The purpose of this study is to systematize the research results accumulated by the authors and to develop methods and algorithms for assessing the dynamics of regional competitiveness, taking into account a complex of social and economic factors. The practical significance of the study is to provide diagnostics of the level of risks of competitiveness of socio-economic systems in the example of Russian regions.

The novelty of the proposed technique consists of constructing a mathematical model based on the resulting causal graph of indicators and its minimal cut set. As a result, it is possible to perform a scenario analysis of the impact of various risk factors on the competitiveness of regions, to identify reference objects, and to analyze the sustainability of the development of the region from the point of view of its competitiveness.

The practical results of the proposed methodology should include the use of competitiveness risk assessment based on a hierarchical system of indicators for analyzing and forecasting the development of the region. A quantitative assessment of competitiveness risks will significantly improve the efficiency and quality of regional competitiveness management. Thus, the information basis will be provided for the development of an intelligent information system for scenario assessment of the risks of the region’s competitiveness. The developed application can be effectively used in strategic planning and the substantiation of decisions to improve the competitiveness of the region and will allow for monitoring and assessing the level of regional competitiveness over time and in comparison with other regions. On this basis, proposals can be formed to improve the management of socio-economic activities of the regions, aimed at modernizing and diversifying the regional economy.

The present article is organized as follows. The introduction presents a theoretical review of the literature and the main objectives of the study. Section 2 describes the main models and methods used in the competitiveness risk assessment methodology. Section 3 contains a description of the data and the empirical results of the modeling steps. Section 4 presents a discussion of the results.

2. Materials and Methods

2.1. Applications of Kolmogorov–Chapman Equations

The information and analytical base of the study is formed based on available open sources of information, the collection of additional information to identify possible strategies to increase the competitiveness of regions, and the identification of risks associated with maintaining and developing regional competitiveness [35,36]. Data from open [38,39] and commercial sources [40] were used.

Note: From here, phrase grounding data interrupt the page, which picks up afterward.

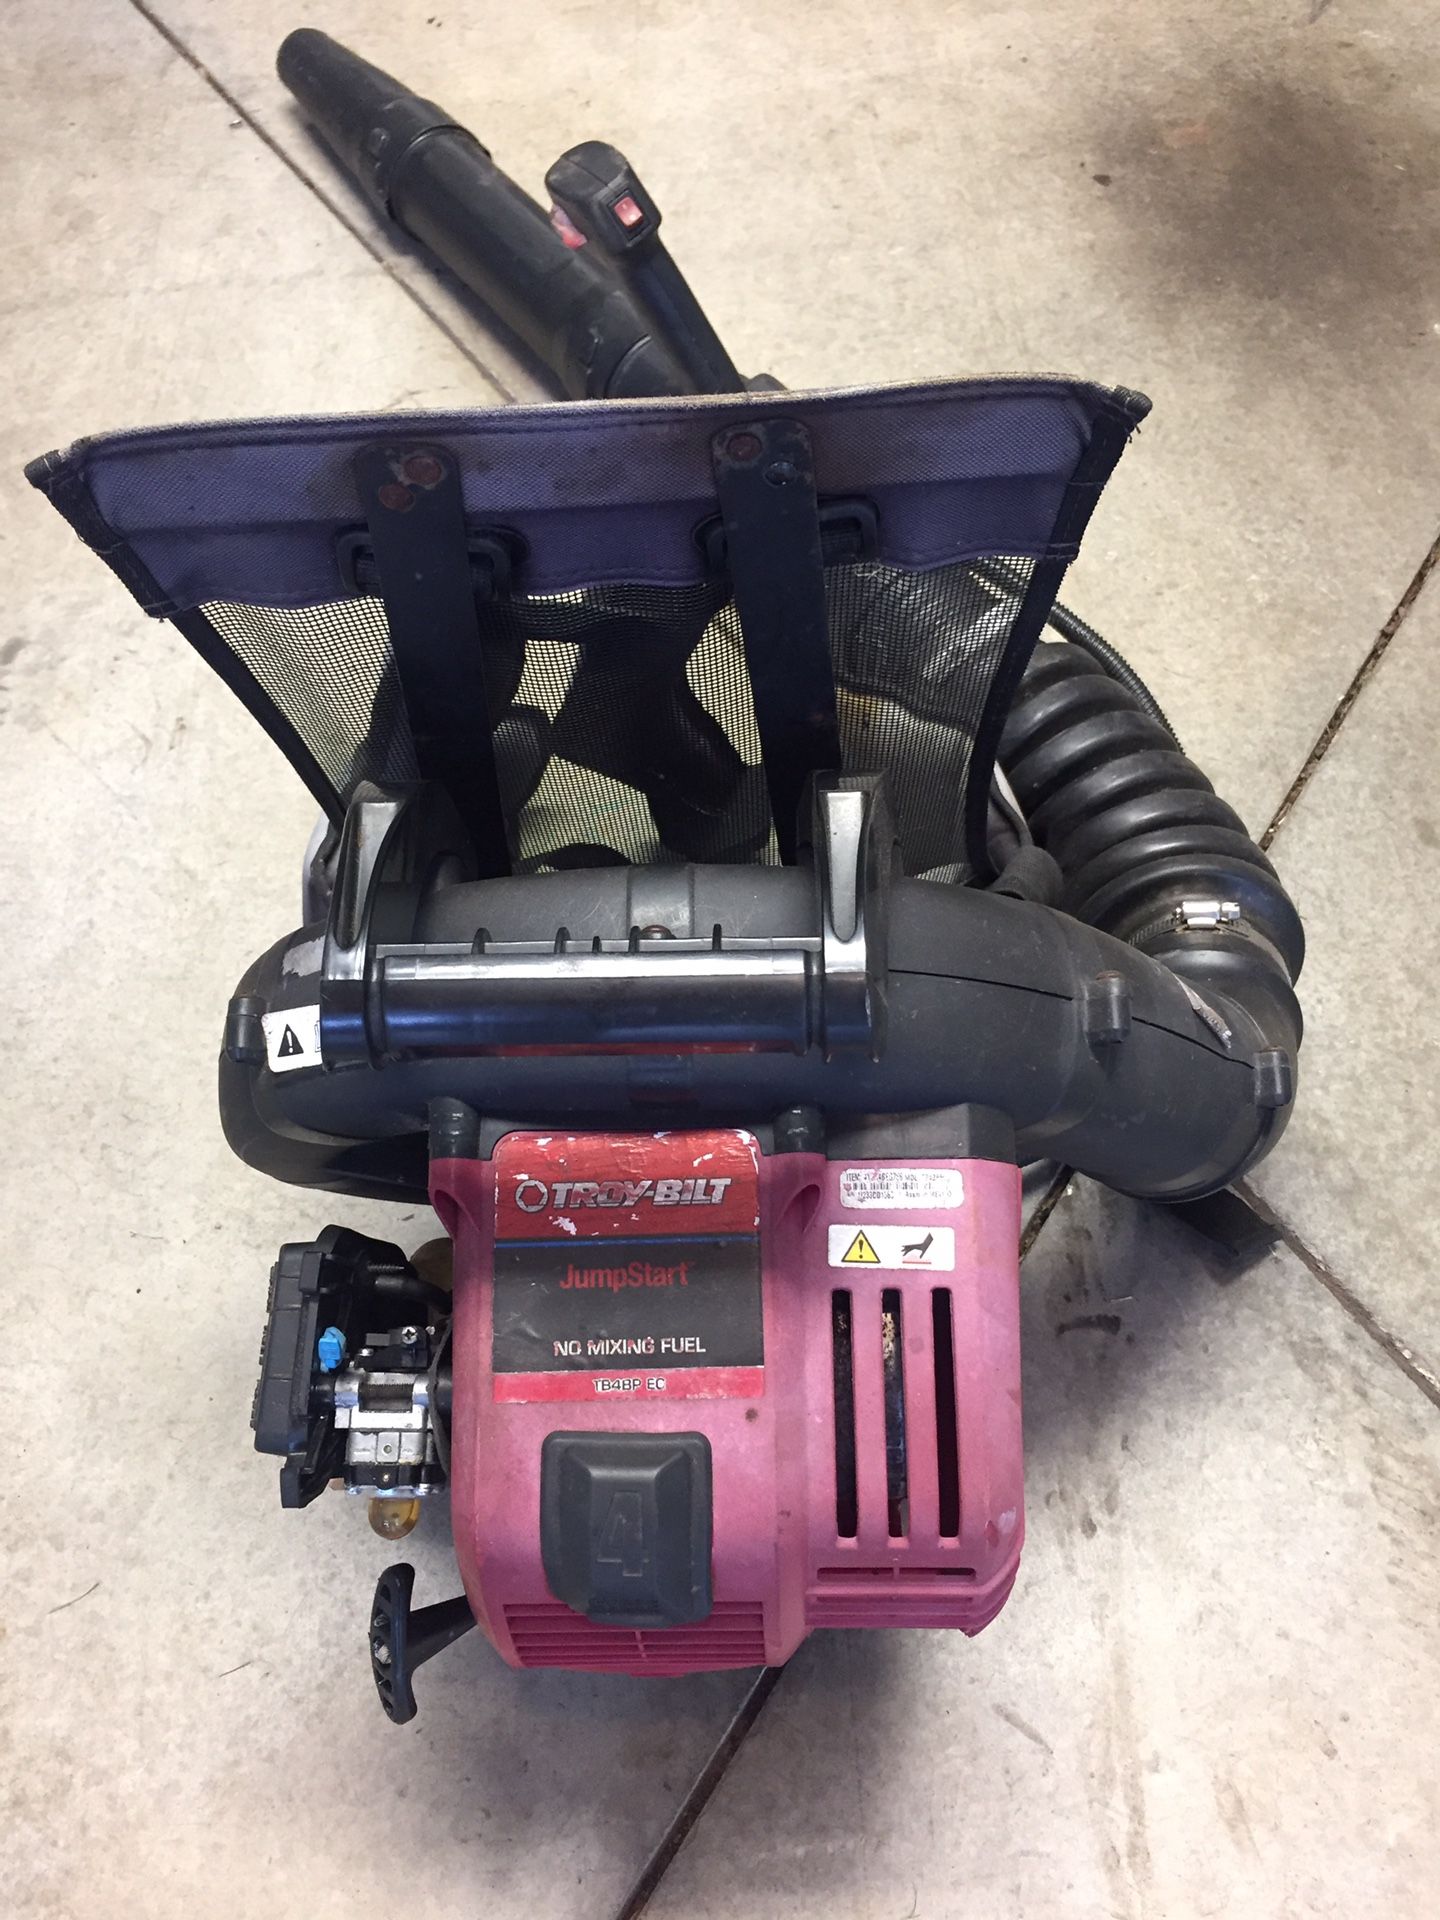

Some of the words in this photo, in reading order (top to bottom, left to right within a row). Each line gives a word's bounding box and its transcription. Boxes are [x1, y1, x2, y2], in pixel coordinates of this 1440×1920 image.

[551, 1178, 731, 1208] TROY-BILT
[559, 1261, 689, 1293] JumpStart
[553, 1340, 581, 1356] NO
[587, 1337, 655, 1355] MIXING
[660, 1336, 706, 1354] FUEL
[646, 1376, 667, 1392] EC

Solving the problem of mathematical modeling of the dynamics of the competitiveness risks of the region presents significant difficulties due to the presence of a large number of factors and complex causal relationships between them. Therefore, a new approach is used to solve the problem. Based on the decomposition of separate key factors in the current conditions, it allows us to obtain the required solution [41,42].

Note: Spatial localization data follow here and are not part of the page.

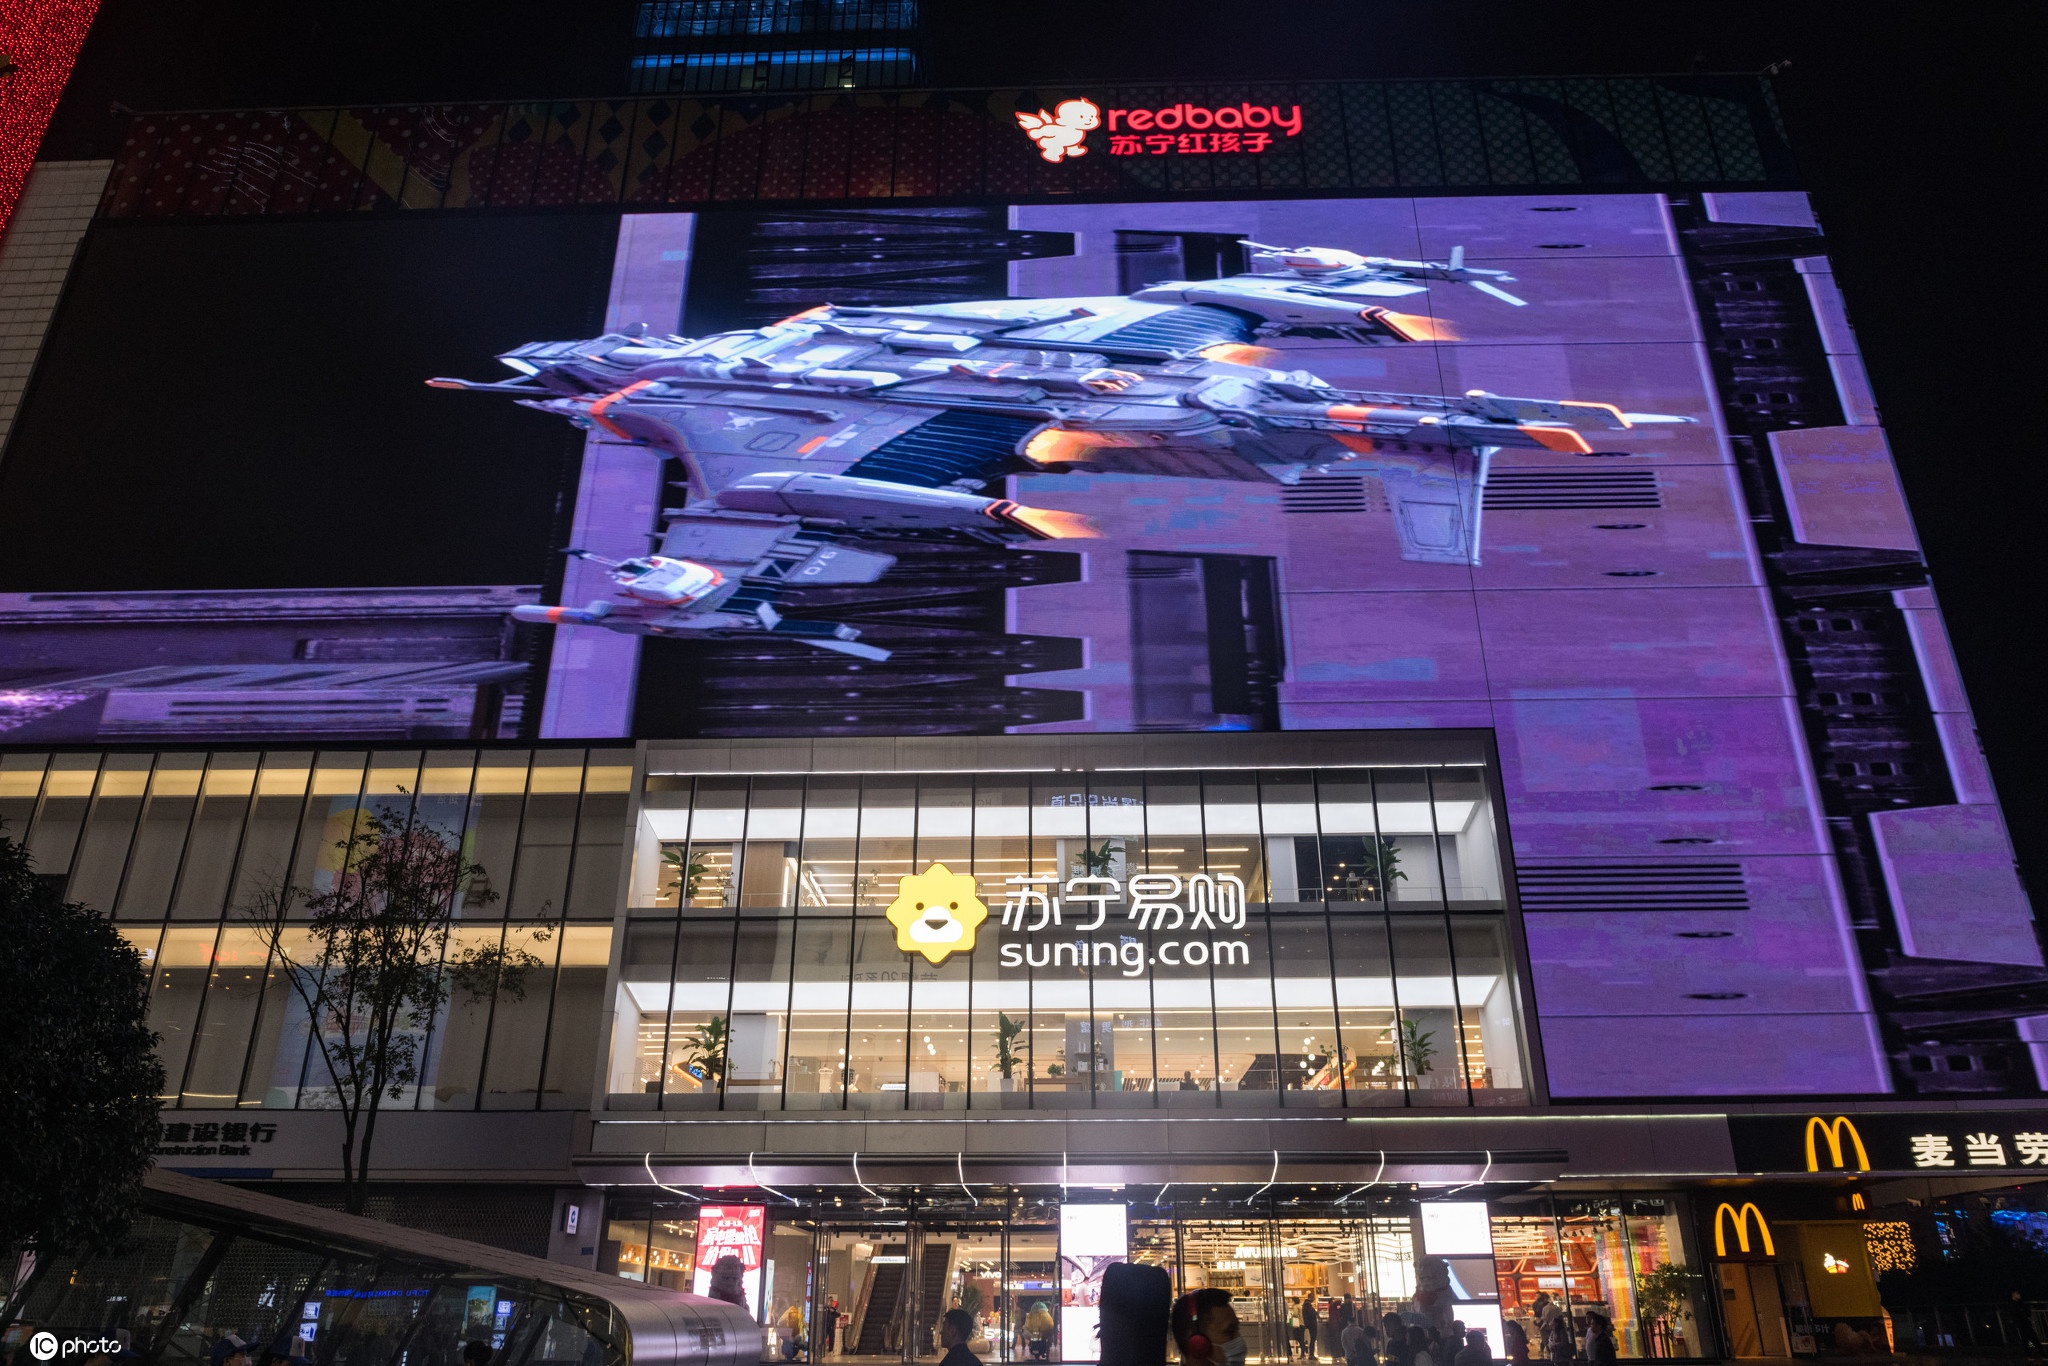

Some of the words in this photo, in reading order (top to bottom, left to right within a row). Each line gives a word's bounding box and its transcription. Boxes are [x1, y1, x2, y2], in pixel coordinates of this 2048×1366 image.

[1108, 103, 1302, 136] redbaby
[1109, 133, 1273, 155] 苏宁红孩子
[1001, 872, 1246, 931] 苏宁易购
[1000, 940, 1250, 976] suning.com
[160, 1122, 277, 1143] 建设银行
[1910, 1131, 2048, 1167] 麦当劳

In the process of modeling for the construction of a causal graph for the evaluation of competitiveness risks, a set of indicators of socio-economic development has been proposed, which are actively used in studies of regional competitiveness. The root level of the tree corresponds to an integral assessment of regional competitiveness. At the next level of the hierarchy, two categories of indicators are distinguished, namely, transaction and transformation factors. Allocation of the category of transaction and transformational indicators for the identification of competitiveness risk factors is a distinctive feature of the study of regional competitiveness.

The applied method of forming the event tree makes it possible to identify semantically connected groups of indicators. An assessment of the development of the transactional sector is necessary for a systemic analysis of regional competitiveness, without which the long-term progress of the region is difficult. As transformational indicators at the next level of the event tree, technical, social, and natural resource risk indicators are specified. The category of transaction indicators includes institution, information, and innovation indicators of competitiveness risks. Leaf vertices of graphs correspond to risk factors of regional competitiveness.

Based on the statistical analysis of the initial data obtained from open and commercial information systems, causal tree graphs were formed. Such graphs model the scheme of interconnections of structural elements and events.

Individual risk factors for regional competitiveness in the tree of causal relationships represent types of impacts. The identified factors associated with the failures of individual system elements form a path (scenario variant) graph from the prerequisites of the undesirable event. The tree uses elementary blocks (logic operations and event symbols) that link individual events. The groups of interrelated indicators are combined by logical operations of conjunction and disjunction into synthetic indicators of consequences.

Tree analysis involves finding minimal cuts of events that determine the possibility of failure of the system as a whole. For the graph, possible combinations of critical events are identified that form fragments of the graph for the implementation of the root event (loss of competitiveness of the region).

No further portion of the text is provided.